Whole-cell voltage-clamp recording of miniature inhibitory postsynaptic currents (mIPSCs) from Purkinje neurons in cerebellar slices was used to examine the effect of ethanol on presynapticsynaptic release of γ-aminobutyric acid (GABA) and glutamate. Extracellular recording was used to examine the net action of both presynaptic and postsynaptic effects of ethanol on the firing rate of Purkinje neurons.
Under whole-cell voltage clamp, the frequency of bicuculline-sensitive miniature post-synaptic currents (mIPSCs) was increased dose-dependently by 25, 50, and 100 mM ethanol without any change in amplitude or decay time. Despite this evidence of increased release of GABA by ethanol, application of 50 mM ethanol caused an increase in firing in some neurons and a decrease in firing in others with a nonrandom distribution. When both glutamatergic and GABAergic influences were removed by simultaneous application of 6-cyano-7-nitroquinoxaline-2,3-dione and picrotoxin, respectively, ethanol caused only an increase in firing rate.

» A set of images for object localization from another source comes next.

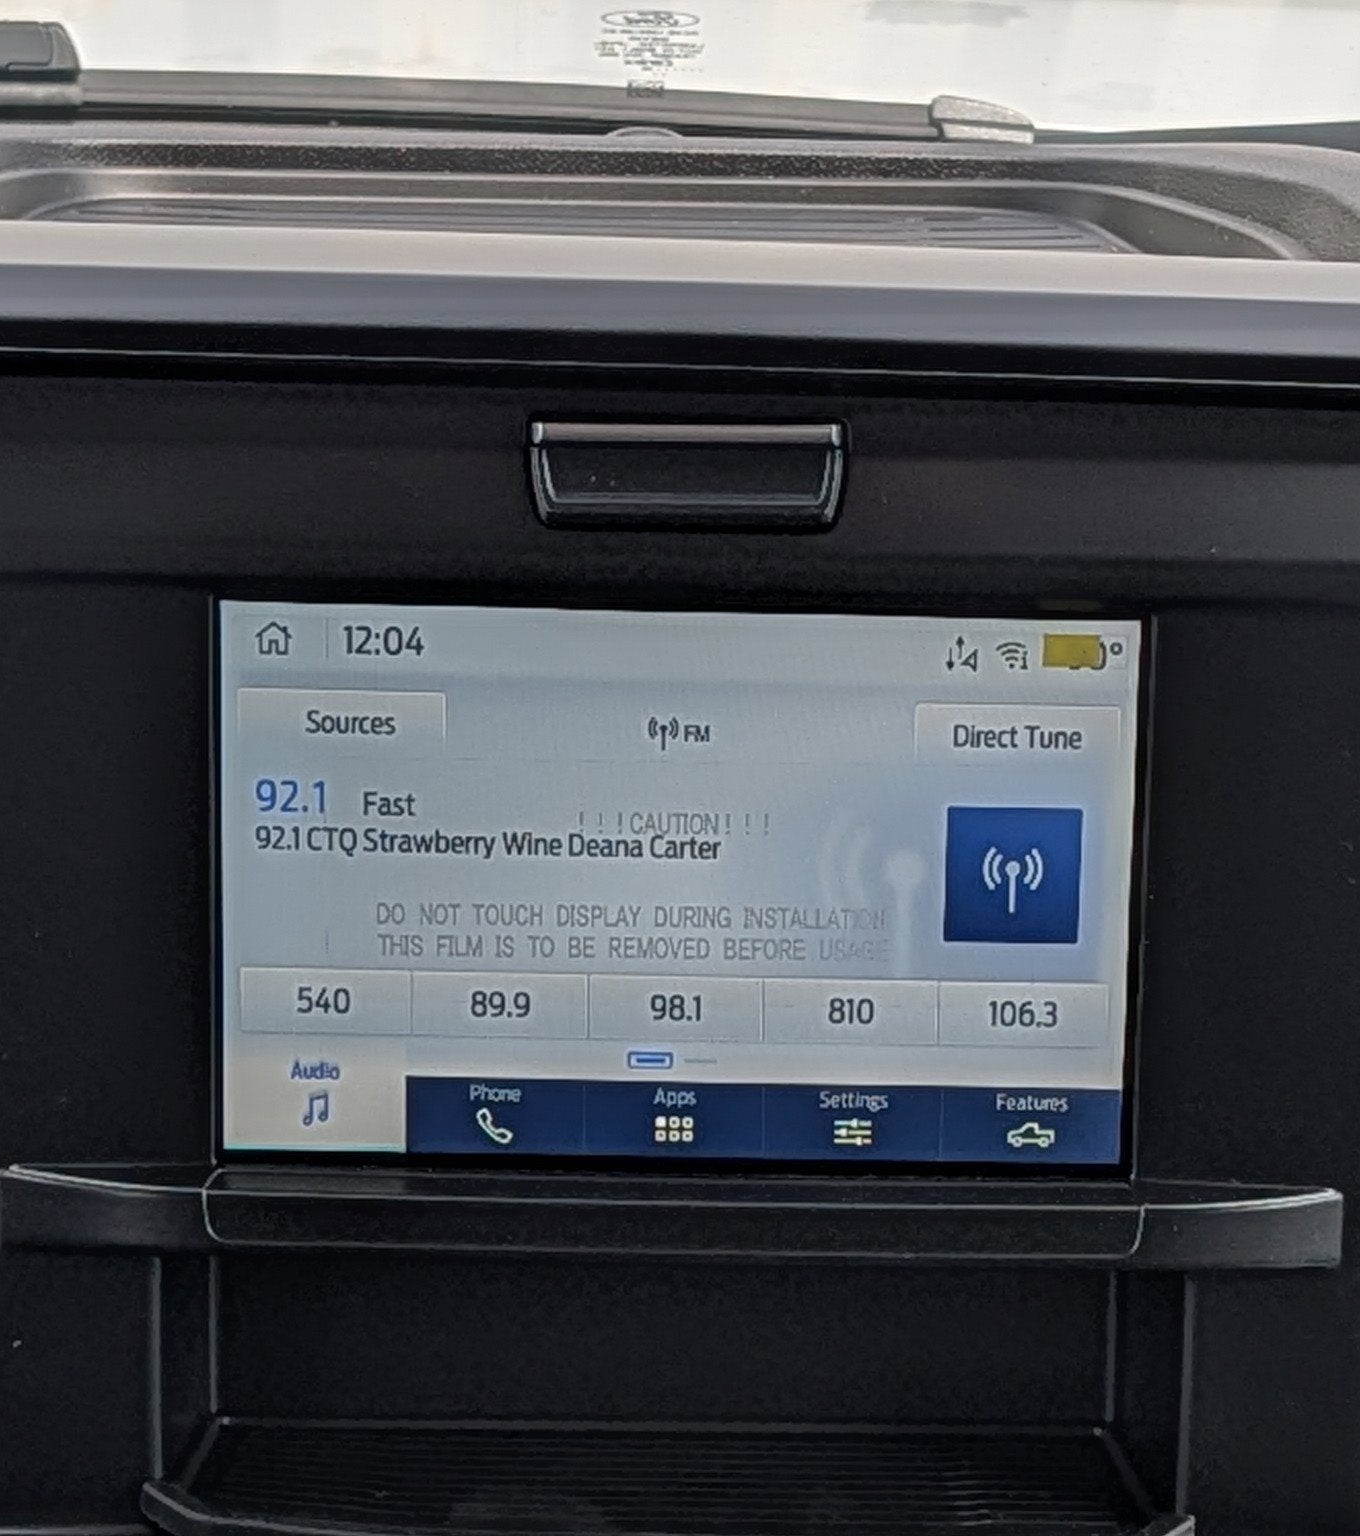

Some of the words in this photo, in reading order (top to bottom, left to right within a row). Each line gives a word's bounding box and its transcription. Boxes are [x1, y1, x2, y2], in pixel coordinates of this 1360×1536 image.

[343, 625, 425, 656] 12:04
[305, 709, 397, 736] Sources
[683, 724, 710, 743] FM
[953, 724, 1019, 749] Direct
[1024, 724, 1082, 750] Tune
[255, 778, 327, 814] 92.1
[362, 791, 416, 817] Fast
[255, 825, 300, 851] 92.1
[306, 826, 358, 857] CTQ
[362, 827, 496, 860] Strawberry
[502, 831, 563, 857] Wine
[568, 832, 643, 858] Deana
[649, 832, 722, 860] Carter
[376, 902, 406, 926] DO
[419, 902, 461, 927] NOT
[472, 903, 543, 927] TOUCH
[556, 903, 642, 928] DISPLAY
[654, 905, 732, 929] DURING
[376, 933, 424, 958] THIS
[436, 934, 483, 958] FILM
[494, 934, 515, 959] IS
[526, 934, 556, 959] TO
[568, 936, 596, 959] BE
[608, 936, 711, 960] REMOVED
[723, 937, 807, 961] BEFORE
[296, 986, 351, 1014] 540
[470, 990, 531, 1018] 89.9
[650, 994, 701, 1022] 98.1
[828, 997, 874, 1025] 810
[988, 1000, 1058, 1028] 106.3
[290, 1059, 341, 1081] Audio
[469, 1083, 522, 1103] Phone
[653, 1087, 697, 1108] Apps
[819, 1090, 889, 1113] Settings
[996, 1093, 1069, 1113] Features

These data are consistent with a dual action of ethanol on cerebellar Purkinje neuron activity. Specifically, ethanol acts presynaptically to increase inhibition by release of GABA, while simultaneously acting postsynaptically to increase intrinsic excitatory drive.
IN VIVO STUDIES in urethane-anesthetized rats have generally shown an inhibition of neural activity by either systemic (Givens and Breese, 1990a) or locally applied ethanol (Freund et al., 1993). However, when other anesthetics or no anesthetic were used, systemic administration of ethanol produced a mixed action on cerebellar Purkinje neurons, with an increased rate occurring in some neurons and a decreased rate occurring in others (Rogers et al., 1980). Similarly, both increases and decreases in rate have been observed in recordings from Purkinje neurons in culture (Franklin and Gruol, 1987; Urrutia and Gruol, 1992) and in the cerebellar slice (Bloom and Siggins, 1987; Siggins et al., 1987). These changes in rate are often accompanied by a change in the pattern of firing of the Purkinje neurons (Bloom and Siggins, 1987; Franklin and Gruol, 1987; Siggins et al., 1987).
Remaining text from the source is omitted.